▶ **EXERCISE REQUIREMENTS**
Transcribe all of the records word for word, please, omitting the pictures.

Start of MATERIAL PROVIDED

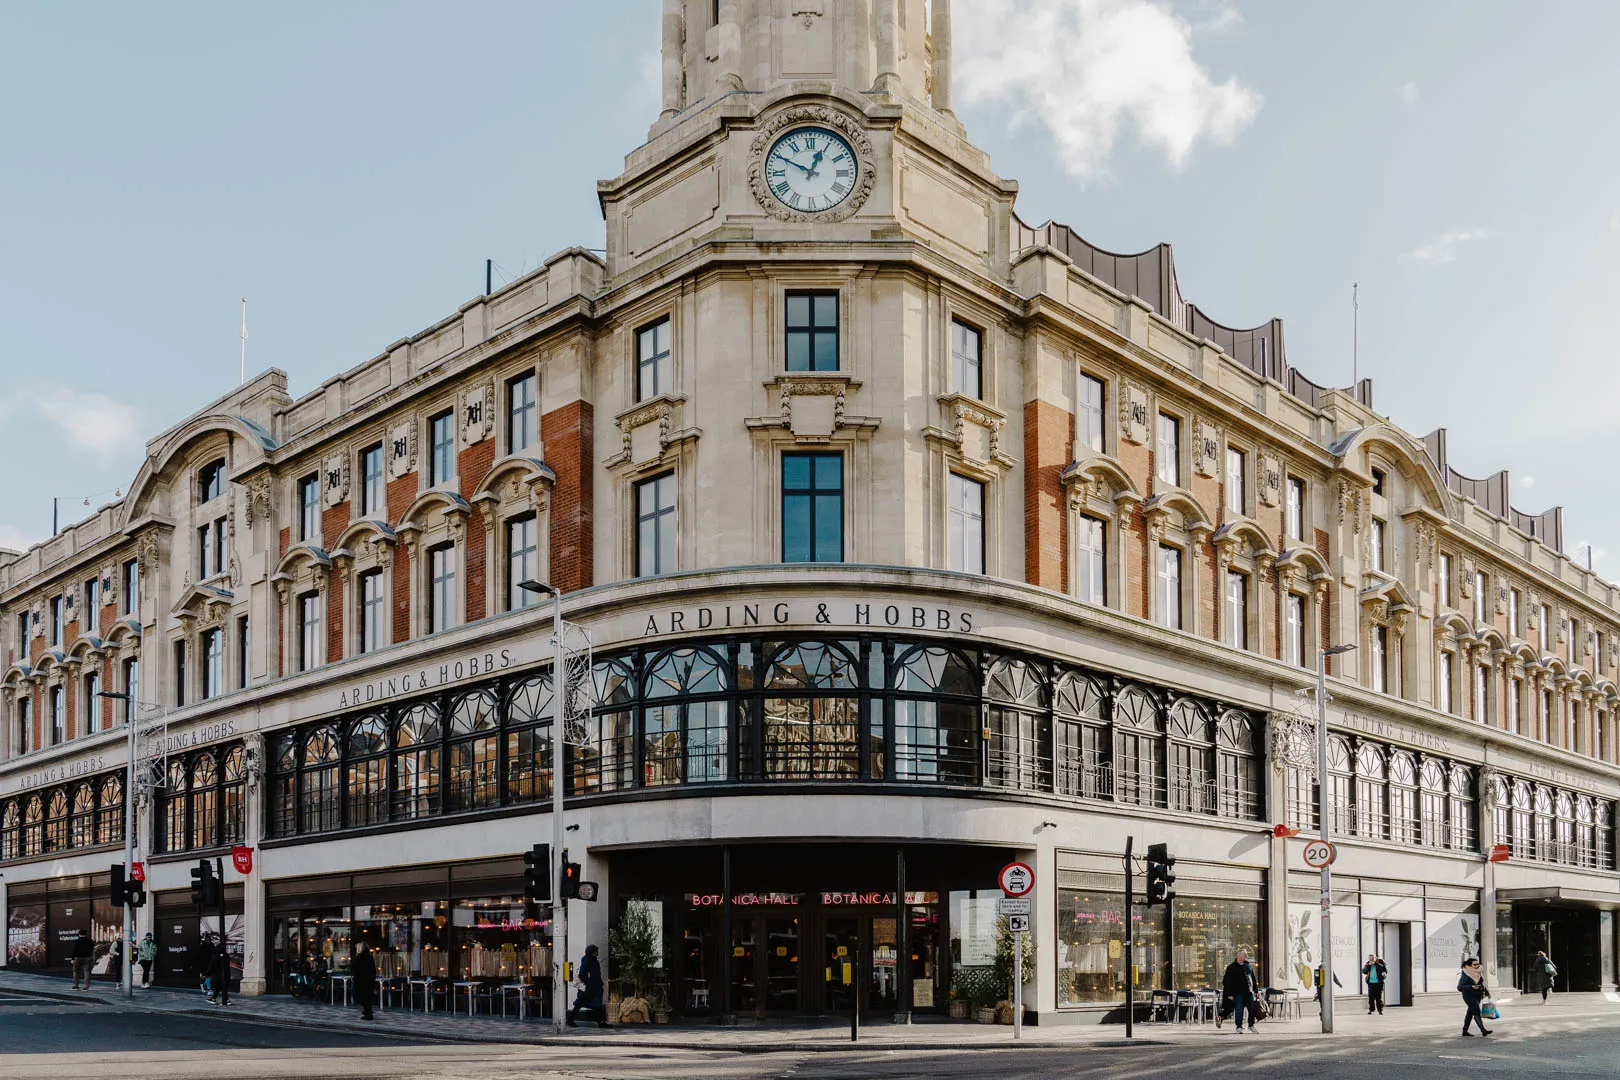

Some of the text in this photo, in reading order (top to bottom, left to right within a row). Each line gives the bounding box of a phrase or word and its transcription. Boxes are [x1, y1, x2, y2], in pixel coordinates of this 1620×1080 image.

[788, 142, 800, 154] XI
[804, 138, 816, 150] XII
[822, 142, 830, 152] I
[832, 154, 844, 164] II
[836, 170, 850, 178] III
[644, 603, 789, 635] ARDING
[815, 603, 831, 624] &
[855, 603, 972, 633] HOBBS
[339, 674, 411, 708] ARDING
[419, 670, 428, 688] &
[439, 649, 509, 684] HOBBS
[191, 730, 198, 745] &
[200, 720, 234, 743] HOBBS
[1342, 711, 1449, 752] ARDING & HOBBS
[20, 756, 104, 789] ARDING & HOBBS
[1529, 761, 1561, 780] ARDING
[1308, 847, 1328, 860] 20
[692, 895, 798, 906] BOTANICA HALL
[823, 894, 930, 905] BOTANICA ALL
[1101, 910, 1121, 923] BAR
[1178, 911, 1203, 919] BOTANICA
[501, 918, 523, 931] BAR
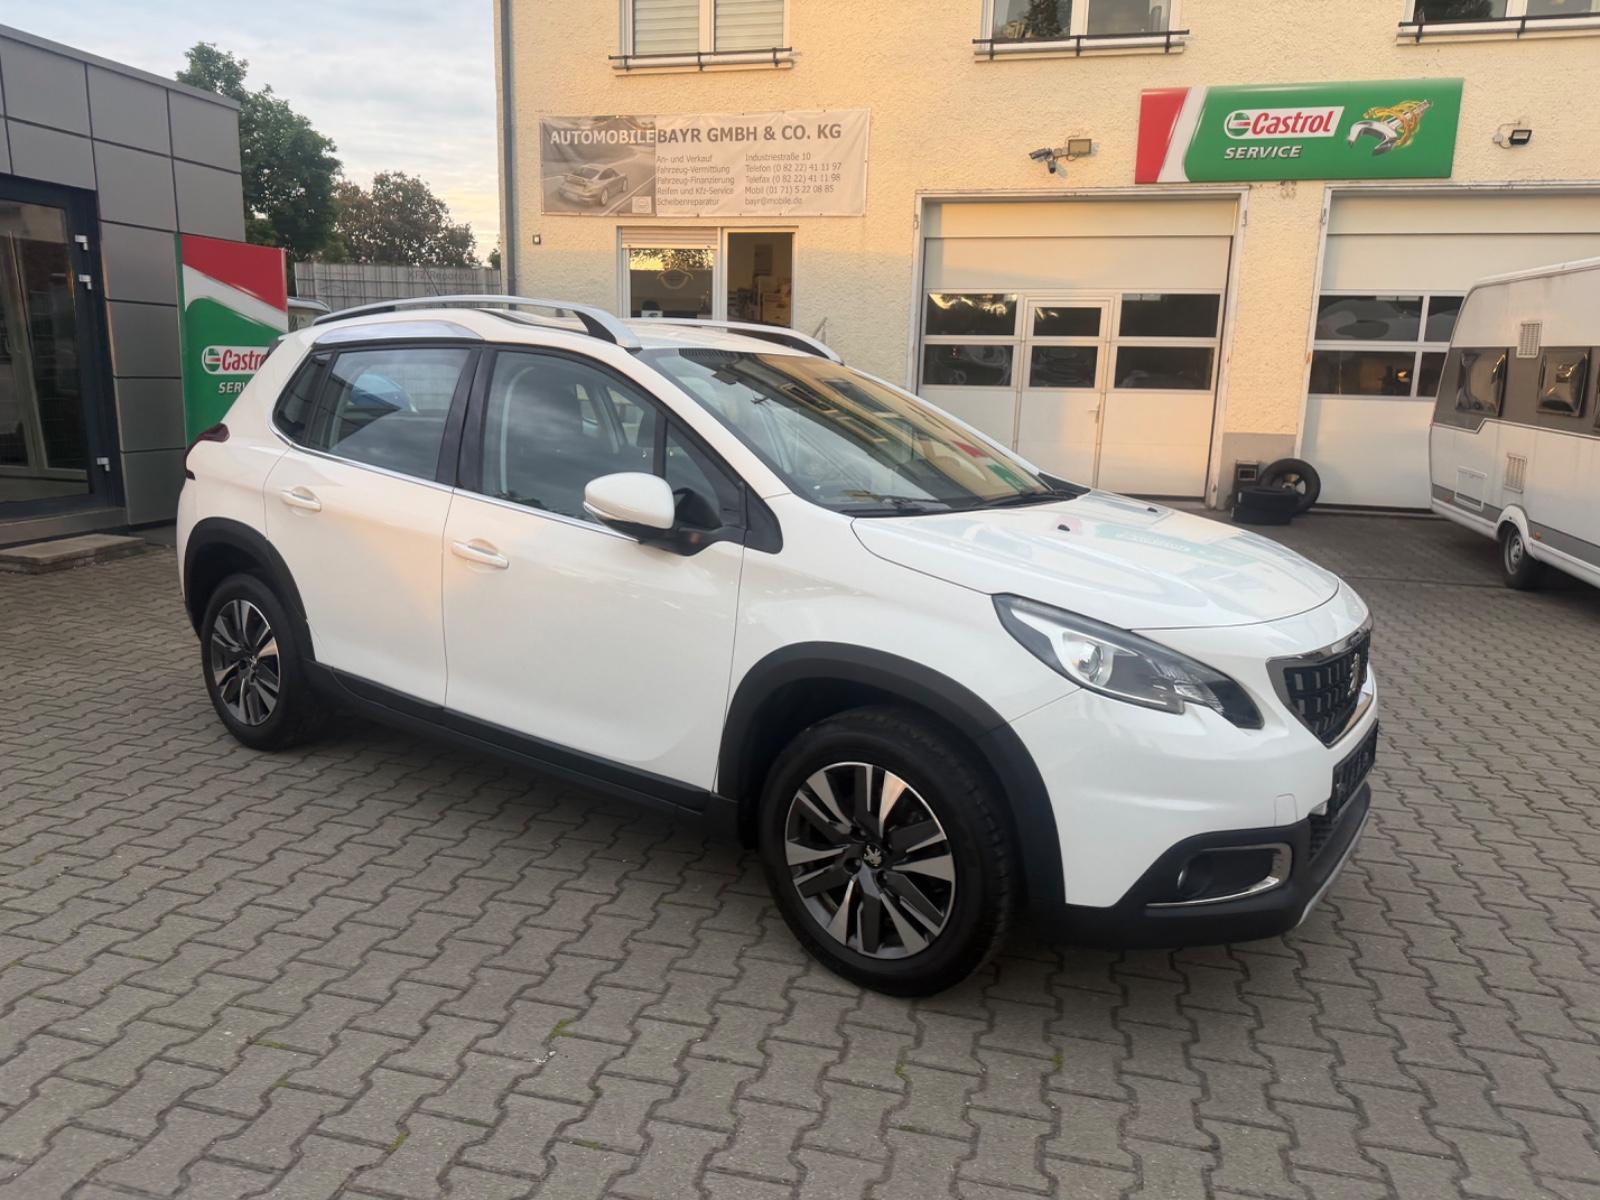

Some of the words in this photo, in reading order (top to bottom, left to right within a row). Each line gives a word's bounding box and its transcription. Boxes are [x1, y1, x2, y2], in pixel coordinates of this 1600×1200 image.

[1252, 110, 1335, 136] Castrol
[550, 129, 656, 145] AUTOMOBILE
[657, 128, 702, 144] BAYR
[707, 126, 758, 142] GMBH
[763, 125, 777, 141] &
[781, 124, 811, 141] CO.
[817, 123, 842, 139] KG
[745, 152, 799, 161] Industriestraße
[802, 152, 811, 161] 10
[1224, 145, 1302, 160] SERVICE
[671, 155, 685, 163] und
[687, 154, 713, 163] Verkauf
[745, 163, 771, 173] Telefon
[783, 163, 792, 172] 82
[794, 162, 807, 173] 22)
[809, 162, 818, 171] 41
[821, 162, 829, 171] 11
[832, 161, 842, 171] 97
[745, 175, 770, 184] Telefax
[782, 174, 792, 183] 82
[794, 174, 806, 184] 22)
[808, 174, 817, 183] 41
[820, 173, 829, 182] 11
[657, 187, 679, 195] Reifen
[680, 187, 693, 195] und
[695, 186, 734, 195] Kfz-Service
[744, 186, 764, 195] Mobil
[780, 185, 793, 195] 71)
[801, 185, 811, 194] 22
[222, 349, 269, 372] Castro
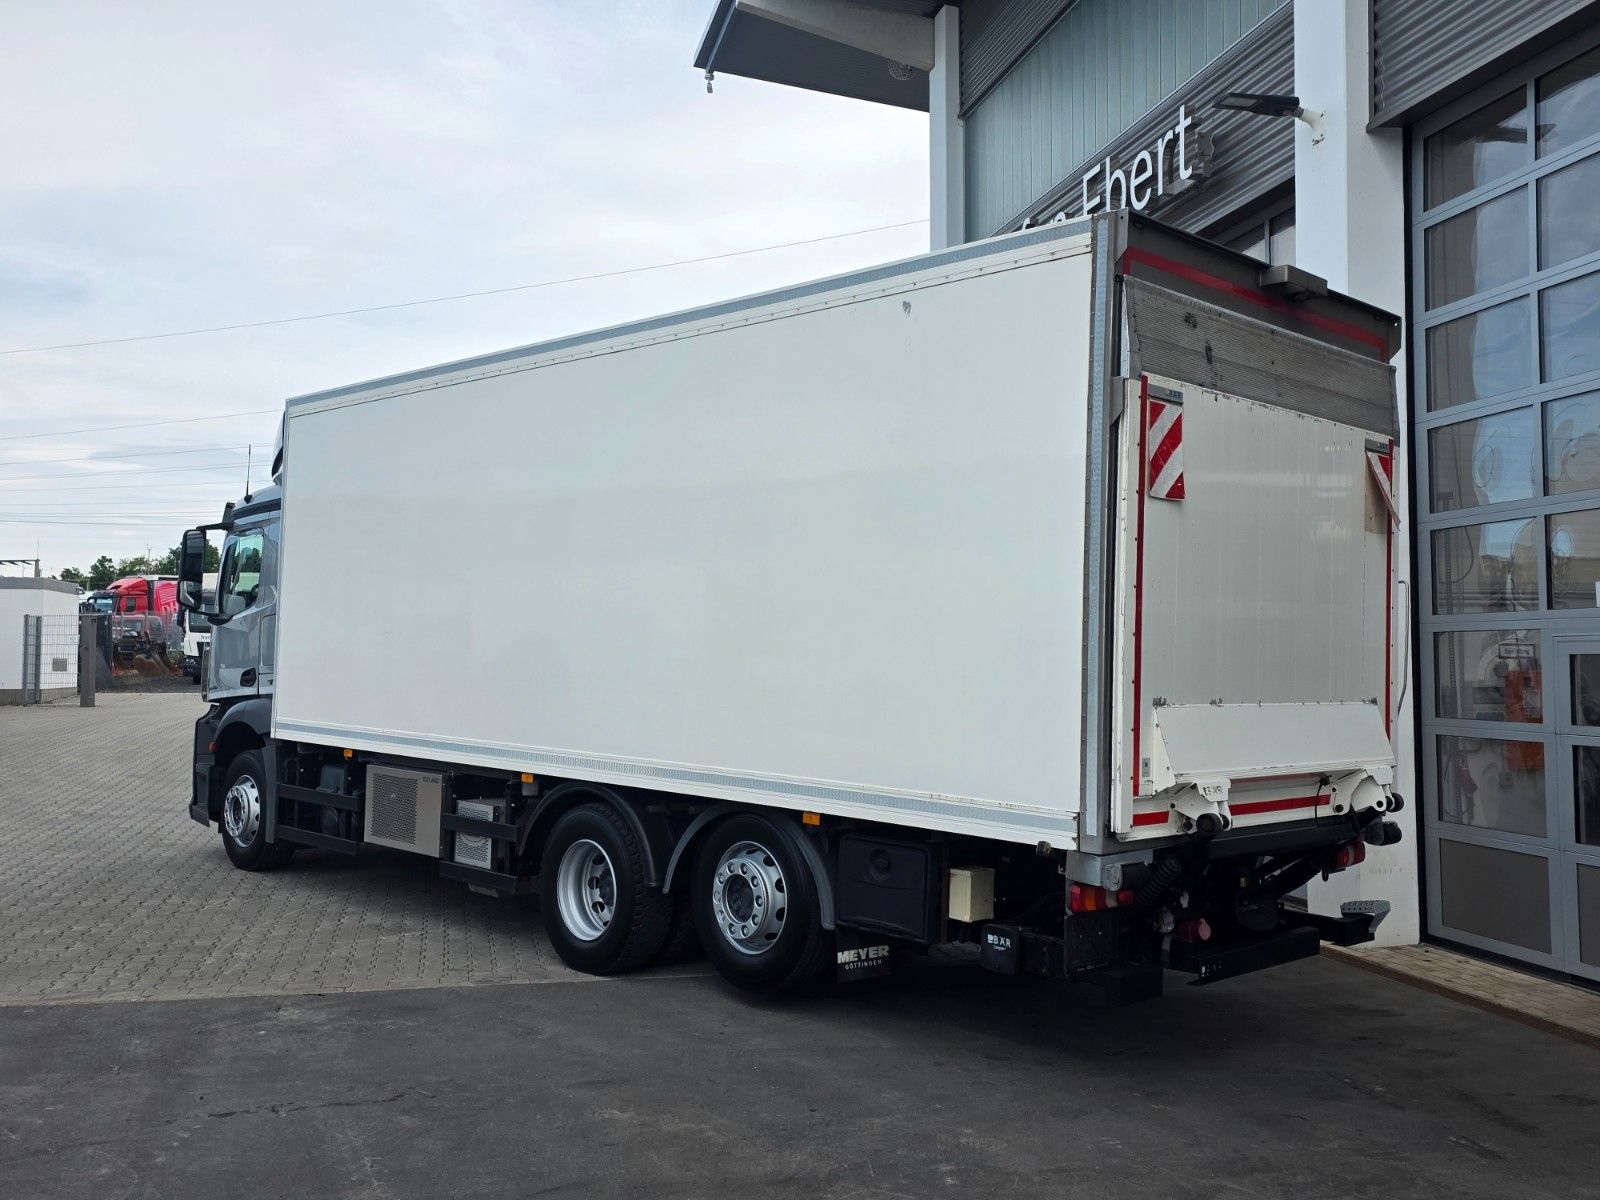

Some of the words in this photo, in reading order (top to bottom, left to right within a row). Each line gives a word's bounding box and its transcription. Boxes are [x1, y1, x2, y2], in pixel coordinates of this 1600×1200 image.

[1082, 104, 1193, 217] Ebert
[837, 945, 890, 964] MEYER
[844, 959, 882, 970] GÖTTINGEN
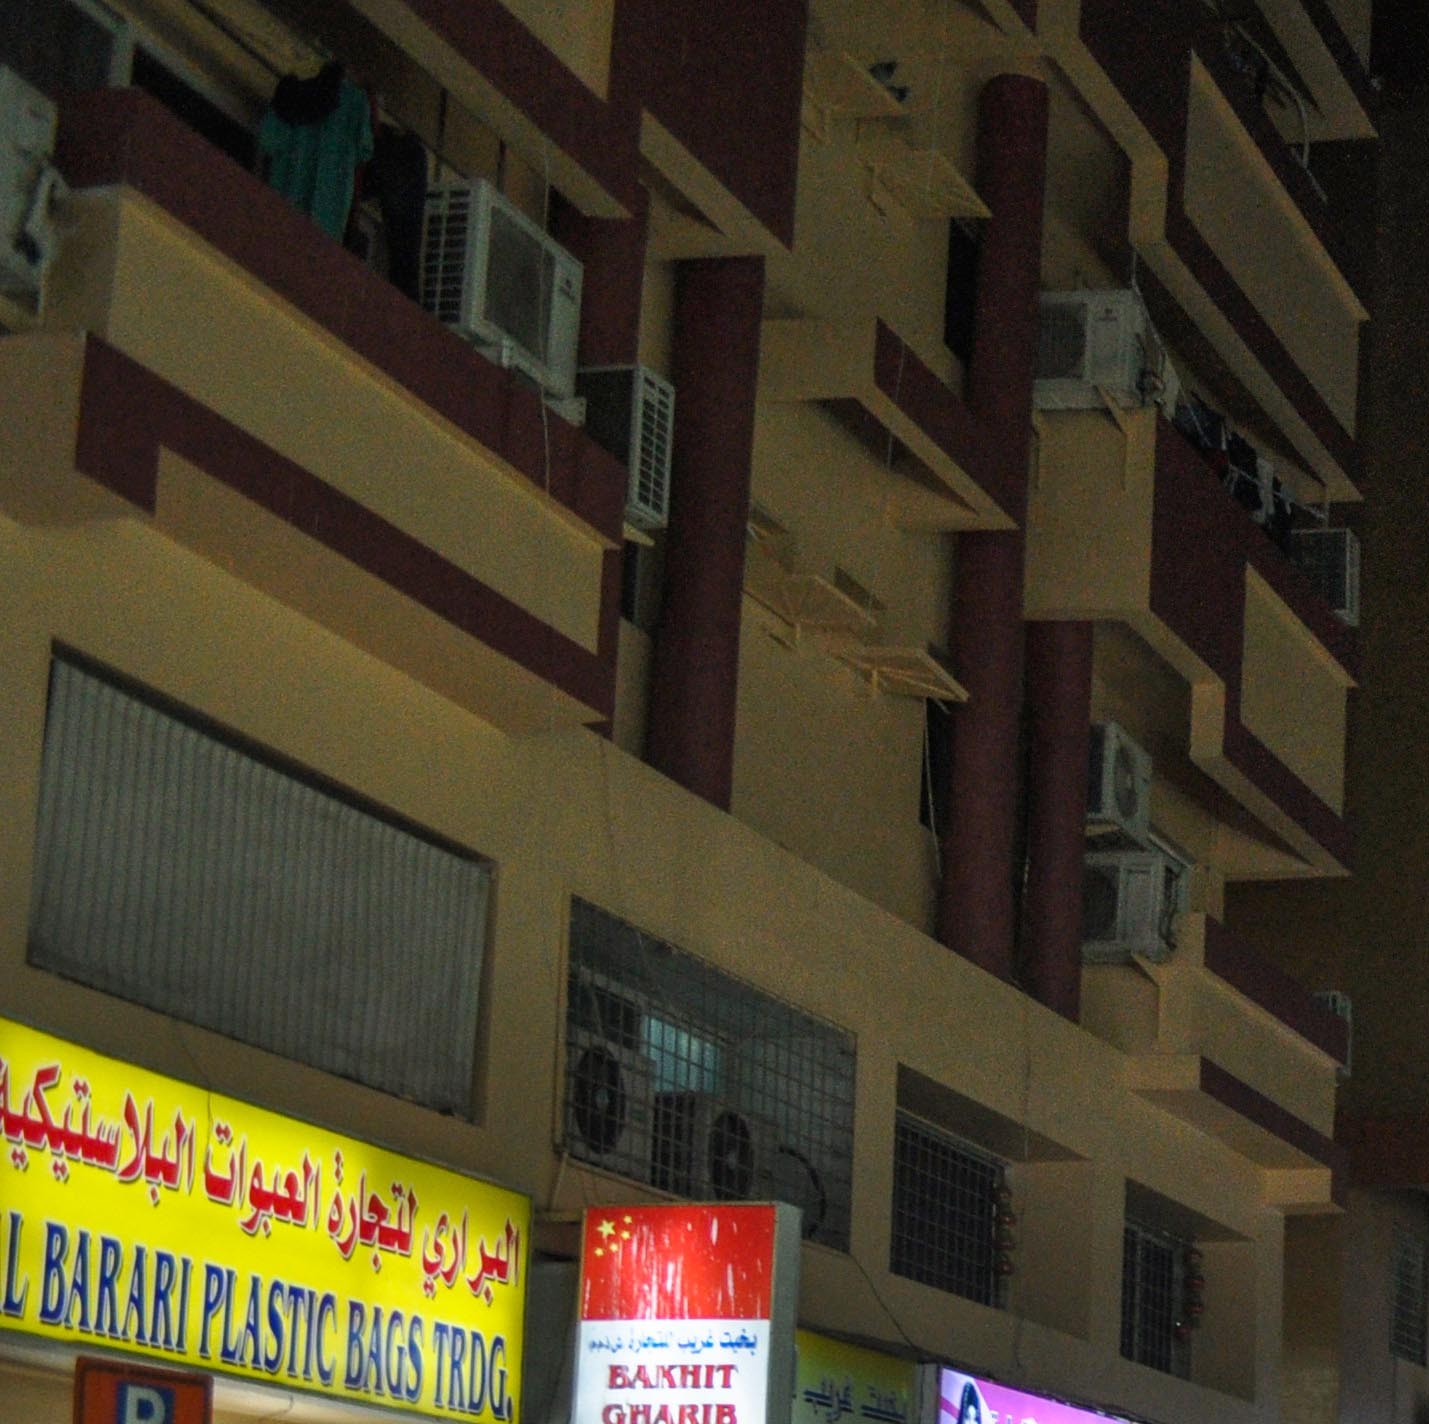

End of MATERIAL PROVIDED

▶ **OUTPUT OF THE EXERCISE**
Some of the text in this photo, in reading order (top to bottom, left to right within a row). Each line gives the bounding box of a phrase or word and its transcription. Boxes are [x1, y1, x2, y2], in pixel coordinates of this 1620×1080 image.

[788, 142, 800, 154] XI
[804, 138, 816, 150] XII
[822, 142, 830, 152] I
[832, 154, 844, 164] II
[836, 170, 850, 178] III
[644, 603, 789, 635] ARDING
[815, 603, 831, 624] &
[855, 603, 972, 633] HOBBS
[339, 674, 411, 708] ARDING
[419, 670, 428, 688] &
[439, 649, 509, 684] HOBBS
[191, 730, 198, 745] &
[200, 720, 234, 743] HOBBS
[1342, 711, 1449, 752] ARDING & HOBBS
[20, 756, 104, 789] ARDING & HOBBS
[1529, 761, 1561, 780] ARDING
[1308, 847, 1328, 860] 20
[692, 895, 798, 906] BOTANICA HALL
[823, 894, 930, 905] BOTANICA ALL
[1101, 910, 1121, 923] BAR
[1178, 911, 1203, 919] BOTANICA
[501, 918, 523, 931] BAR

Some of the words in this photo, in reading order (top to bottom, left to right within a row). Each line gives a word's bounding box and its transcription. Boxes are [x1, y1, x2, y2], in pixel coordinates of this 1600×1200 image.

[1252, 110, 1335, 136] Castrol
[550, 129, 656, 145] AUTOMOBILE
[657, 128, 702, 144] BAYR
[707, 126, 758, 142] GMBH
[763, 125, 777, 141] &
[781, 124, 811, 141] CO.
[817, 123, 842, 139] KG
[745, 152, 799, 161] Industriestraße
[802, 152, 811, 161] 10
[1224, 145, 1302, 160] SERVICE
[671, 155, 685, 163] und
[687, 154, 713, 163] Verkauf
[745, 163, 771, 173] Telefon
[783, 163, 792, 172] 82
[794, 162, 807, 173] 22)
[809, 162, 818, 171] 41
[821, 162, 829, 171] 11
[832, 161, 842, 171] 97
[745, 175, 770, 184] Telefax
[782, 174, 792, 183] 82
[794, 174, 806, 184] 22)
[808, 174, 817, 183] 41
[820, 173, 829, 182] 11
[657, 187, 679, 195] Reifen
[680, 187, 693, 195] und
[695, 186, 734, 195] Kfz-Service
[744, 186, 764, 195] Mobil
[780, 185, 793, 195] 71)
[801, 185, 811, 194] 22
[222, 349, 269, 372] Castro

Some of the words in this photo, in reading order (top to bottom, left to right within a row). Each line gives a word's bounding box and its transcription. Boxes are [x1, y1, x2, y2], in pixel coordinates of this 1600×1200 image.

[1082, 104, 1193, 217] Ebert
[837, 945, 890, 964] MEYER
[844, 959, 882, 970] GÖTTINGEN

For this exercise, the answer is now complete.